#### REQUIRED WORK:
Transcribe all of the records word for word, please, omitting the pictures.

++++++++

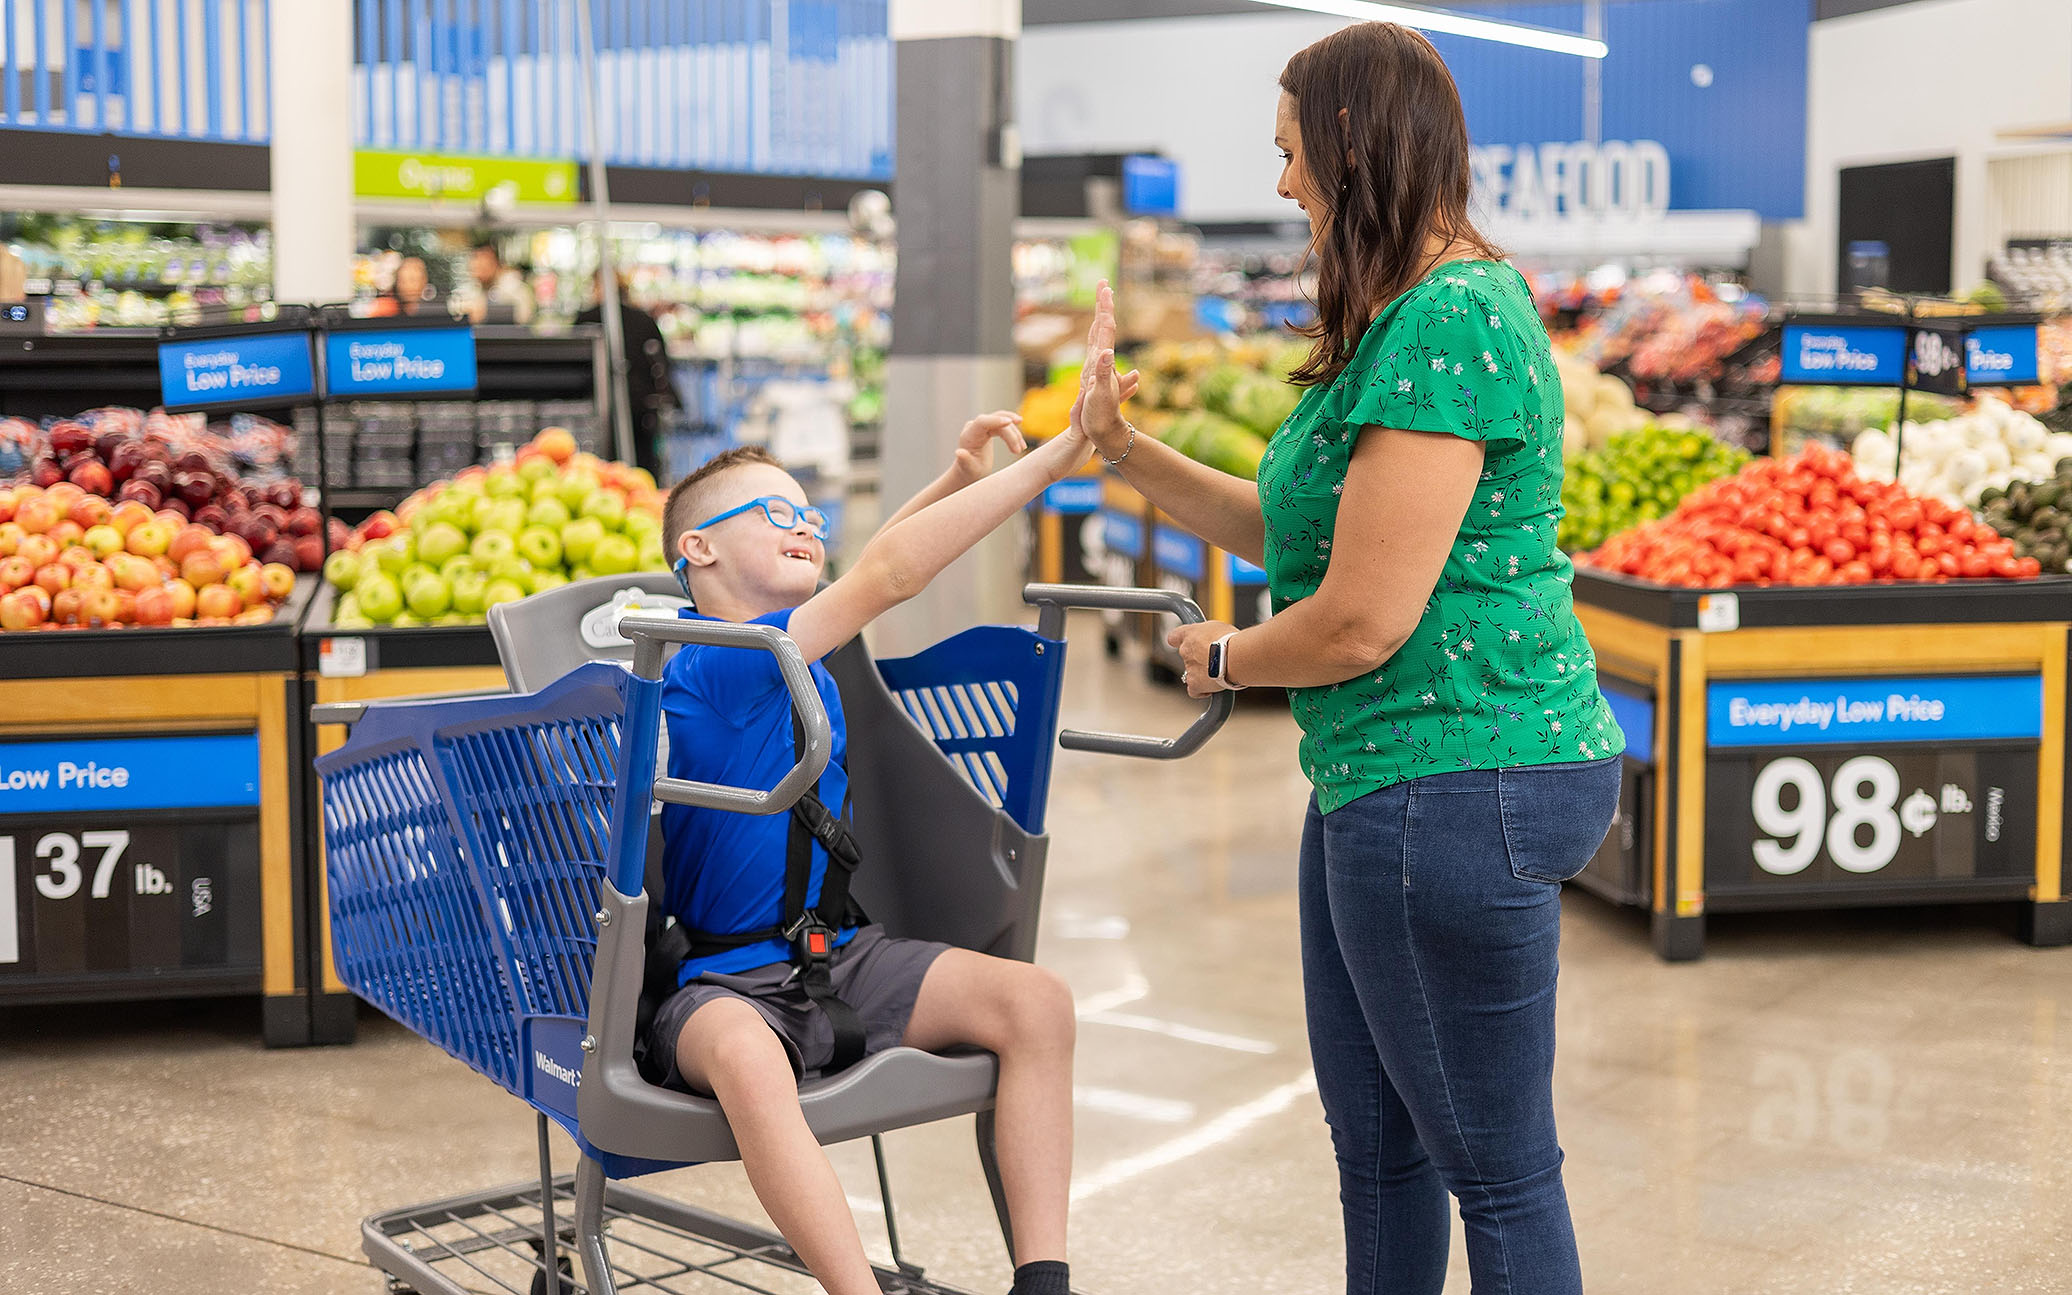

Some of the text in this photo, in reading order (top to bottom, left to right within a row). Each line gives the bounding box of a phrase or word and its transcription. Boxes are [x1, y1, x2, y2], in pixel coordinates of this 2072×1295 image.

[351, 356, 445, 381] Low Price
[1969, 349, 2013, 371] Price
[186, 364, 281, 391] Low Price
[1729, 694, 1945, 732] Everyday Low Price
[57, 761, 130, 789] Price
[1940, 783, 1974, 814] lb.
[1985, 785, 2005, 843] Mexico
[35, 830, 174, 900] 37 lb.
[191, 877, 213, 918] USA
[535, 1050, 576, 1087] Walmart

++++++++

#### WRITTEN ANSWER:
Some of the text in this photo, in reading order (top to bottom, left to right within a row). Each line gives the bounding box of a phrase or word and its transcription. Boxes are [x1, y1, x2, y2], in pixel coordinates of this 2072×1295 image.

[351, 356, 445, 381] Low Price
[1969, 349, 2013, 371] Price
[186, 364, 281, 391] Low Price
[1729, 694, 1945, 732] Everyday Low Price
[57, 761, 130, 789] Price
[1940, 783, 1974, 814] lb.
[1985, 785, 2005, 843] Mexico
[35, 830, 174, 900] 37 lb.
[191, 877, 213, 918] USA
[535, 1050, 576, 1087] Walmart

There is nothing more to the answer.